US 12,406,142 B2
Situational awareness by fusing multi-modal data with semantic model
Anuradha Bhamidipaty, Yorktown Heights, NY (US); Elham Khabiri, Briarcliff Manor, NY (US); Shuxin Lin, Yorktown Heights, NY (US); Jeffrey Owen Kephart, Cortlandt Manor, NY (US); Yingjie Li, Chappaqua, NY (US); and Bhavna Agrawal, Armonk, NY (US)
Assigned to International Business Machines Corporation, Armonk, NY (US)
Filed by INTERNATIONAL BUSINESS MACHINES CORPORATION, Armonk, NY (US)
Filed on Jul. 20, 2020, as Appl. No. 16/933,964.
Prior Publication US 2022/0019742 A1, Jan. 20, 2022
Int. Cl. G06F 40/30 (2020.01); G06F 40/295 (2020.01); G06N 5/02 (2023.01)

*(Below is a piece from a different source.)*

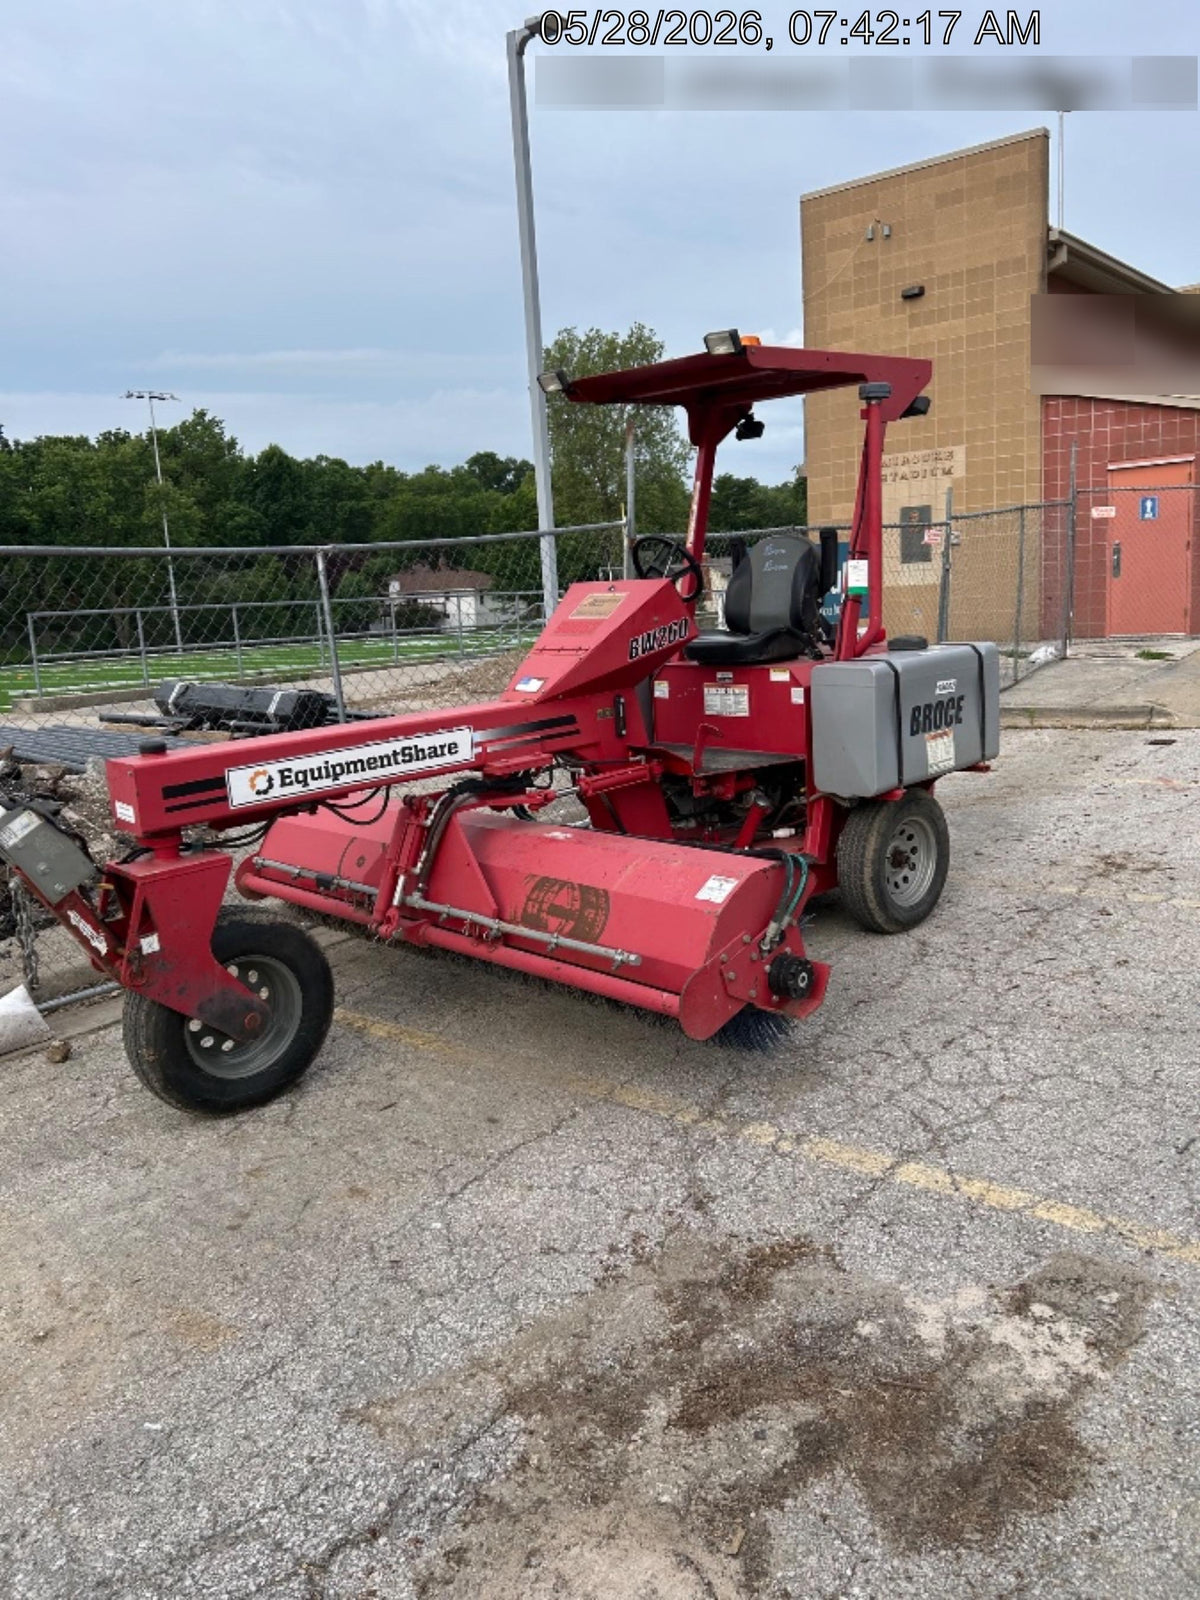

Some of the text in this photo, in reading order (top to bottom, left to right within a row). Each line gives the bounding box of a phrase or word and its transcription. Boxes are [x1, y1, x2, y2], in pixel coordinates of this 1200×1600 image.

[628, 617, 689, 662] BW260
[910, 694, 965, 737] BROCE
[277, 740, 460, 789] EquipmentShare

CPC G06F 40/30 (2020.01) [G06F 40/295 (2020.01); G06N 5/02 (2013.01)] 18 Claims
OG exemplary drawing
 
1. A computer implemented method, comprising:
receiving data from one or more input sources in an entity and relationship capture service of a situational awareness engine;
extracting entities and relationships between the entities in two or more different extraction services, the two or more different extraction services including at least two of a table-to-graph service, an event-to-graph service, a sensor-to-graph service, a text-to-graph service, and an image-to-graph service;
upon identifying missing or uncertain entities and/or relationships to generate a semantic model by way of a knowledge graph, eliciting an input to correct the missing or uncertain entities and/or relationships;
generating the semantic model based on fusion and labeling of extracted data provided by the at least two extraction services;
reconciling entities, of the entities and relationships extracted by the two or more different extraction services, into a single node in the knowledge graph, upon determining that the entities should be regarded as a same entity, by assigning a same unique node identifier, merging their properties, and merging their relationships;
receiving a search query; and
responding to the search query based on the generated semantic model.